Banks in Libor Antitrust Case Say Rate Isn’t Competitive
Lawyers for Bank of America Corp., JPMorgan Chase & Co. (JPM) and other financial institutions fighting antitrust claims over the London interbank offered rate told a federal judge that setting the rate isn’t a competitive process.
The banks asked U.S. District Judge Naomi Reice Buchwald in Manhattan today to dismiss lawsuits accusing the banks of manipulating Libor -- a key metric for setting interest rates for trillions of dollars in financial instruments.
Libor fixes the rates under which banks lend money to one another for as little as a day and as long as a year. Rates for 10 different currencies including the U.S. dollar, Japanese yen and British pound are computed daily after canvassing banks that comprise membership panels for each type of money.
“It’s not a rate the banks set competitively,” Robert Wise Jr., a lawyer for Charlotte, North Carolina-based Bank of America, told the judge. “Libor is not something that’s bought or sold or traded. It’s simply a benchmark, an average. Banks don’t sell Libor.”
William Carmody, arguing for the plaintiffs, said the rates are submitted by competitors.

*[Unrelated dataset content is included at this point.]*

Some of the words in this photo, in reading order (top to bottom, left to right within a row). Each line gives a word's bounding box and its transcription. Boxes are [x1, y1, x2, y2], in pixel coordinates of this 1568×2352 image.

“You’re harming competition because these banks are not motivated to compete with one another,” Carmody said.
Global authorities have been investigating claims that more than a dozen banks altered submissions used to set benchmarks such as Libor to profit from bets on interest-rate derivatives or make the lenders’ finances appear healthier.

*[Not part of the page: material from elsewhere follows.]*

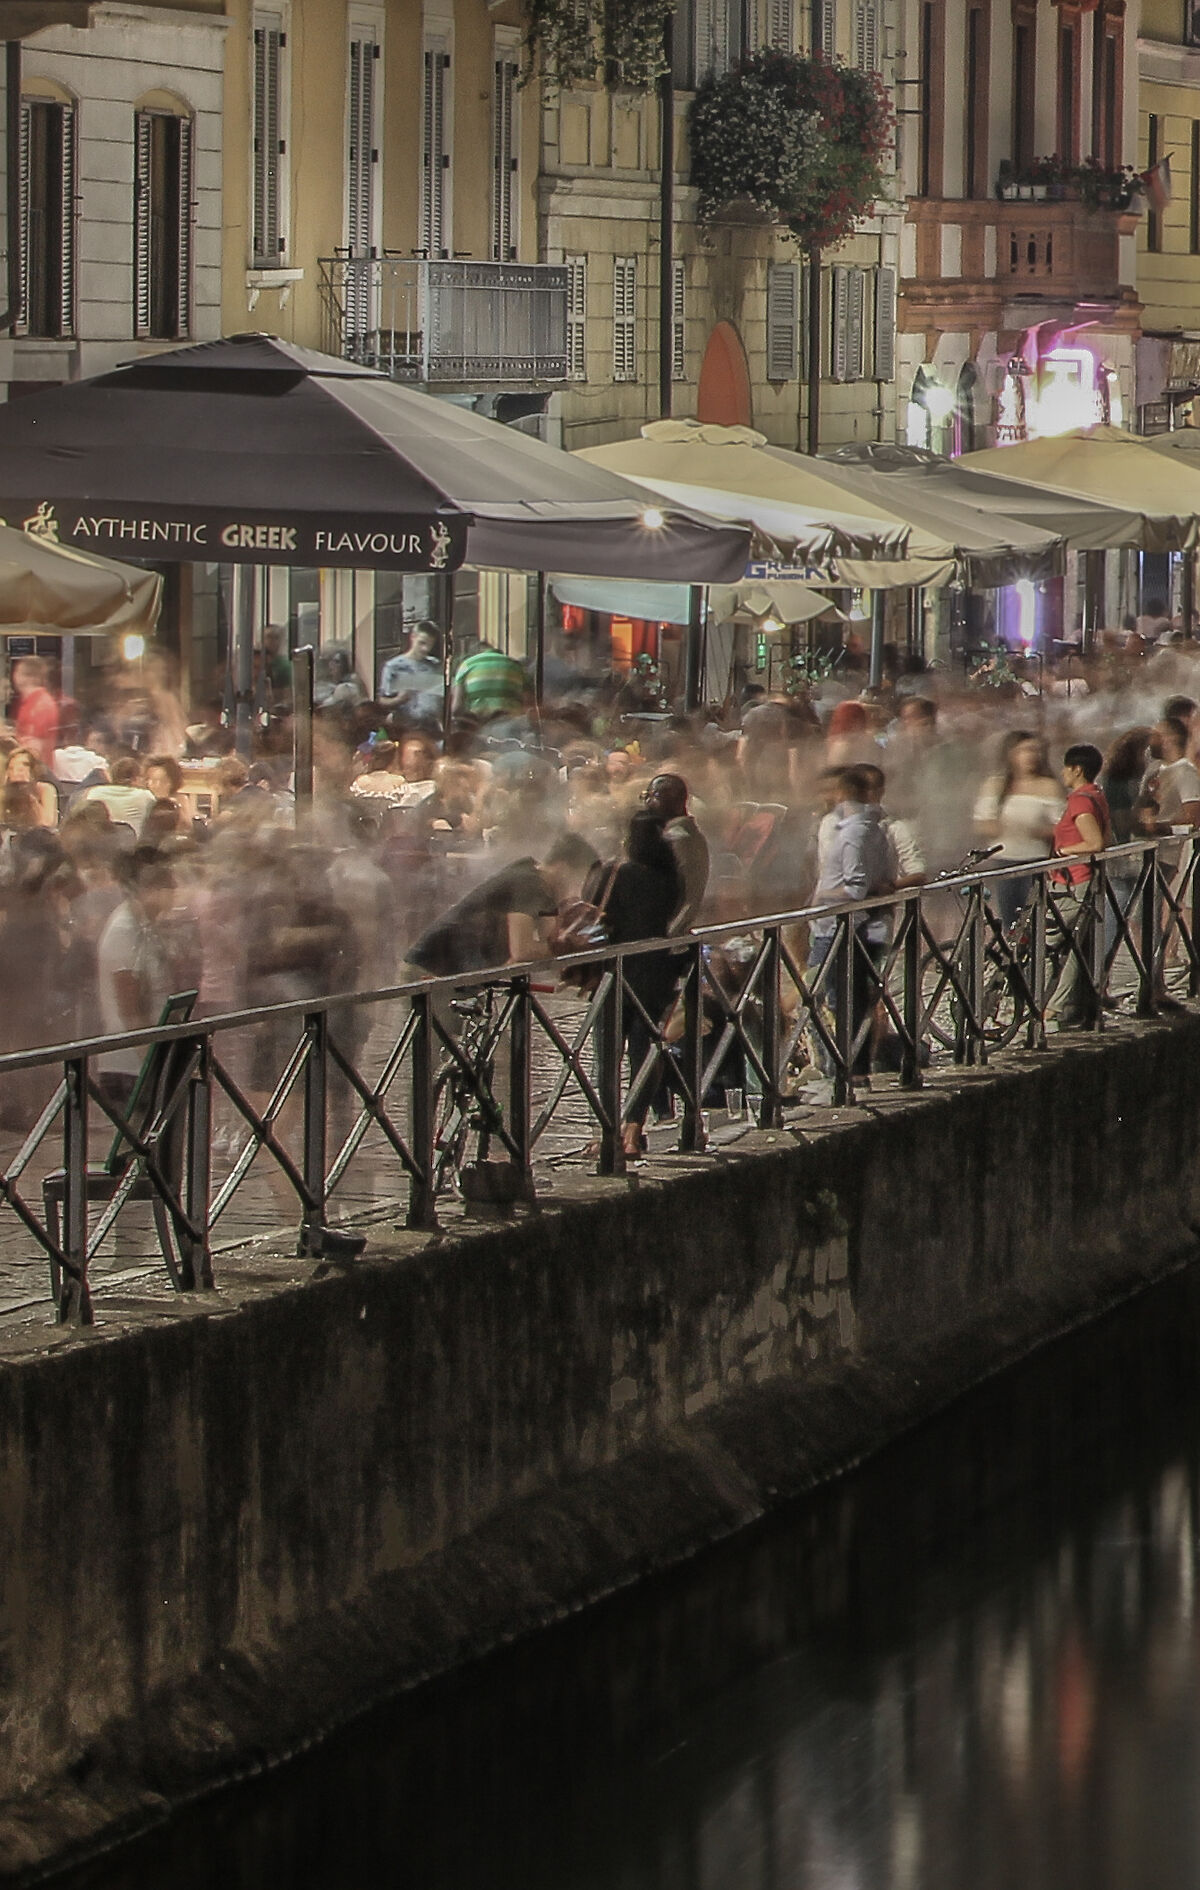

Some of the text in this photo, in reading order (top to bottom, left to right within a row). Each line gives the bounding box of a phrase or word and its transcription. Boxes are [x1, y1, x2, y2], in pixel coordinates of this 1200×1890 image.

[72, 516, 422, 554] AYTHENTIC GREEK FLAVOUR

Barclays Plc (BARC) agreed to pay 290 million pounds ($440 million) in June and Royal Bank of Scotland Group Plc paid $612 million last month to U.S. and U.K. regulators to resolve claims. In December, UBS AG (UBSN) agreed to pay 1.4 billion Swiss francs ($1.5 billion).
Charles Schwab Corp., the independent brokerage, and other plaintiffs have said the banks conspired to depress Libor by understating their borrowing costs, thereby lowering their interest expenses on products tied to the rates.
“That interest rate is the price these banks are willing to pay for the use of my client’s money,” Brendan Glackin, a lawyer for San Francisco-based Charles Schwab, told the judge. “When they suppress Libor, they are getting the use of my client’s money at a lower price than they otherwise would.”
In questioning the plaintiffs’ lawyers today, Buchwald referred to a 2008 Wall Street Journal article on Libor about a study that cast doubt on the integrity of the rate. She asked them why they didn’t sue when the article came out, rather than waiting until regulators began issuing subpoenas to the banks.
“Your job here as plaintiffs’ counsel looking for whopping legal fees is not to piggyback on the government,” she said. “You are supposed to be the private attorneys general who for reasons of legitimate self-interest are seeking out the same kind of wrongdoing that the government might.”
The judge didn’t say when or how she would rule on the motions to dismiss.
The consolidated case is In re Libor-Based Financial Instruments Antitrust Litigation, 11-MD-02262, U.S. District Court, Southern District of New York (Manhattan).